Places:

Eastbound Day 16 – 264 miles – Memphis to Nashville

Sunday, 10 April 1994

The Graceland hype is so overpowering it was kind of surprising to find two other attractions (one very low key and one very big budget) which we ranked ahead of the Presley extravaganza.

Sun StudiosThe low key one was Sun Studios, where Elvis, Carl Perkins, Roy Orbison, Jerry Lee Lewis, Johnny Cash and many others recorded. After 20 more-or-less derelict years it’s now back in action (U2 have recorded there) although it looks scarcely changed since the ‘50s. The tour is low key but terrific, you simply stand in the slightly tattered old studio and the guide tells you about it and plays segments from some of those historic sessions. Why don’t more people go there?
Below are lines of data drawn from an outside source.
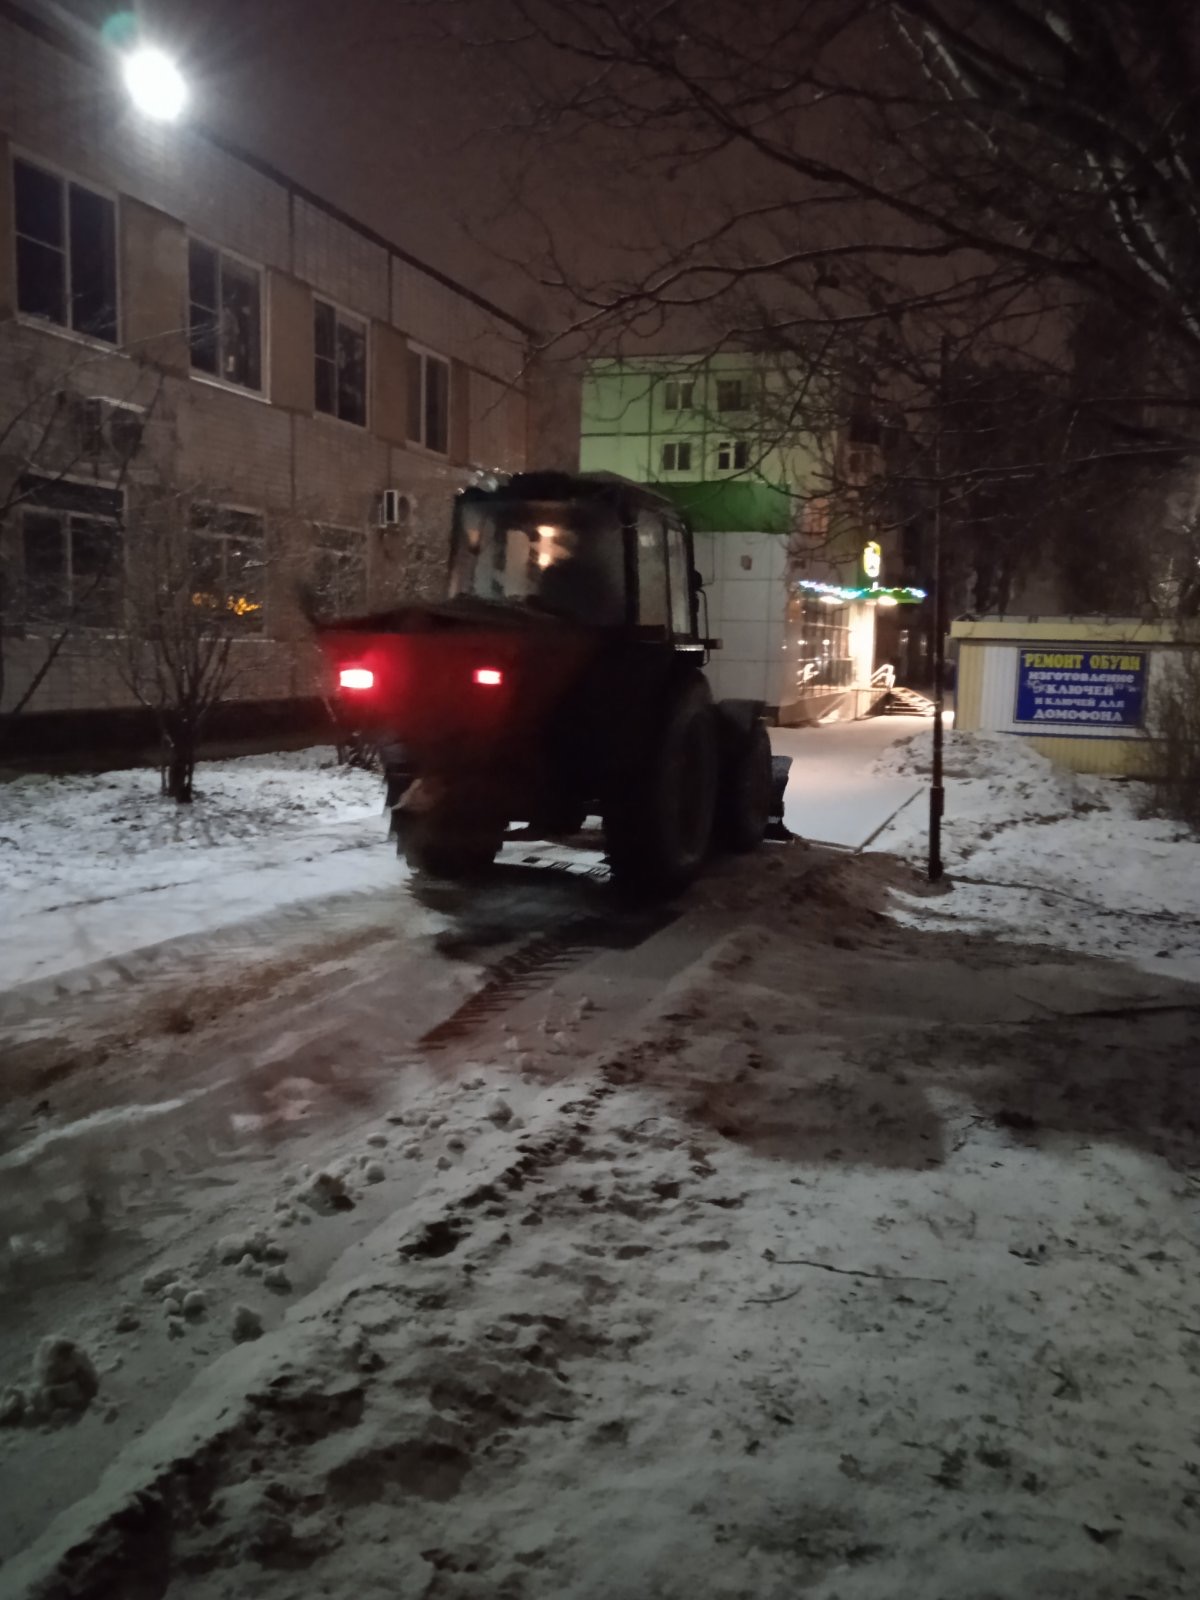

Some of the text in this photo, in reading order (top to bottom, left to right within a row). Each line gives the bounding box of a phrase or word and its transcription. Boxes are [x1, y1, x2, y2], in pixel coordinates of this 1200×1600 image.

[1025, 654, 1140, 670] РЕМОНТ ОБУВИ
[1046, 683, 1114, 696] КЛЮЧЕЙ
[1045, 697, 1096, 707] КЛЮЧЕЙ
[1098, 700, 1125, 708] ДЛЯ
[1033, 709, 1122, 721] ДОМОФОНА
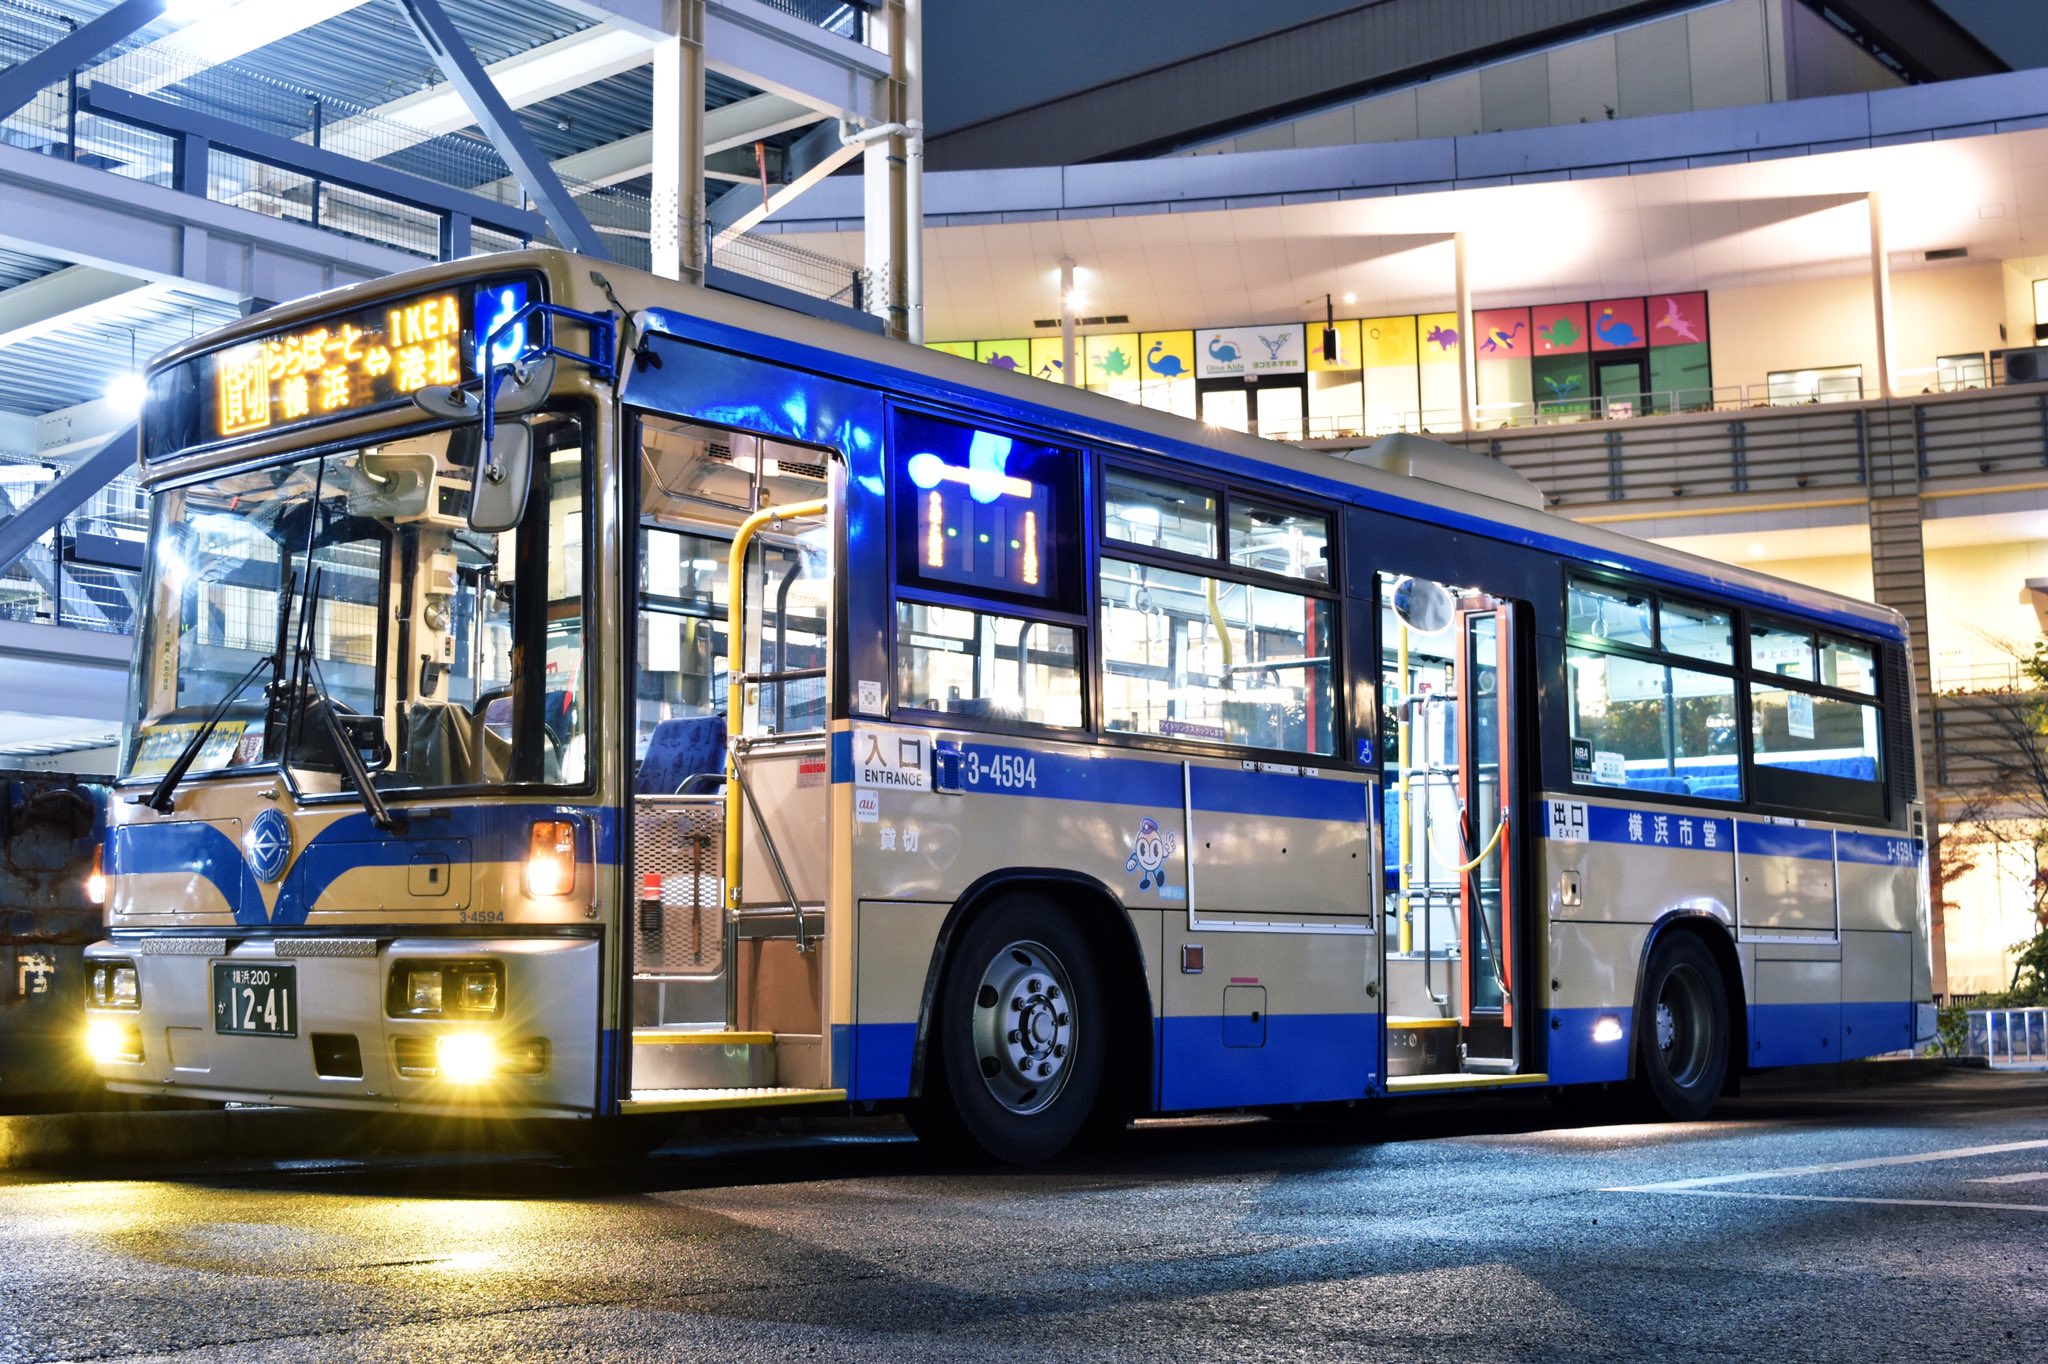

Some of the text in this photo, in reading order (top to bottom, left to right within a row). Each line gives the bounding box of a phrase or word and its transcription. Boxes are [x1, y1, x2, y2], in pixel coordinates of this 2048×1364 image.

[390, 296, 458, 347] IKEA
[269, 324, 363, 380] ららぽーと
[400, 341, 457, 391] 港北
[282, 365, 349, 418] 横浜
[865, 735, 921, 770] 入口
[1575, 747, 1588, 760] NBA
[864, 769, 923, 787] ENTRANCE
[967, 752, 1037, 788] 3-4594
[858, 799, 877, 810] au
[1554, 803, 1584, 828] 出口
[880, 828, 919, 853] 貸切
[1559, 828, 1580, 838] EXIT
[1628, 813, 1717, 848] 横浜市営
[1887, 841, 1913, 861] 3-4594
[218, 1001, 227, 1015] か
Sun Studios may have been simple but the Civil Rights Museum is definitely big budget. It’s sited in the Lorraine Motel where Martin Luther King was murdered. The museum leads you through the civil rights story from the Civil War onwards. You can sit down in a bus and experience what it feels like to be ordered to move to the back or to stand up for a white passenger. Or you can sit down at a lunch counter and be abused for trying to order at a whites-only cafeteria. It’s a powerful and moving series of exhibits which winds its way through the gutted and rebuilt old motel to finally emerge in room 306, from which King stepped to his death.

We also caught the Peabody Hotel’s duck parade; a small group of ducks making a daily promenade from the elevator to the lobby fountain. And we drove on Nashville.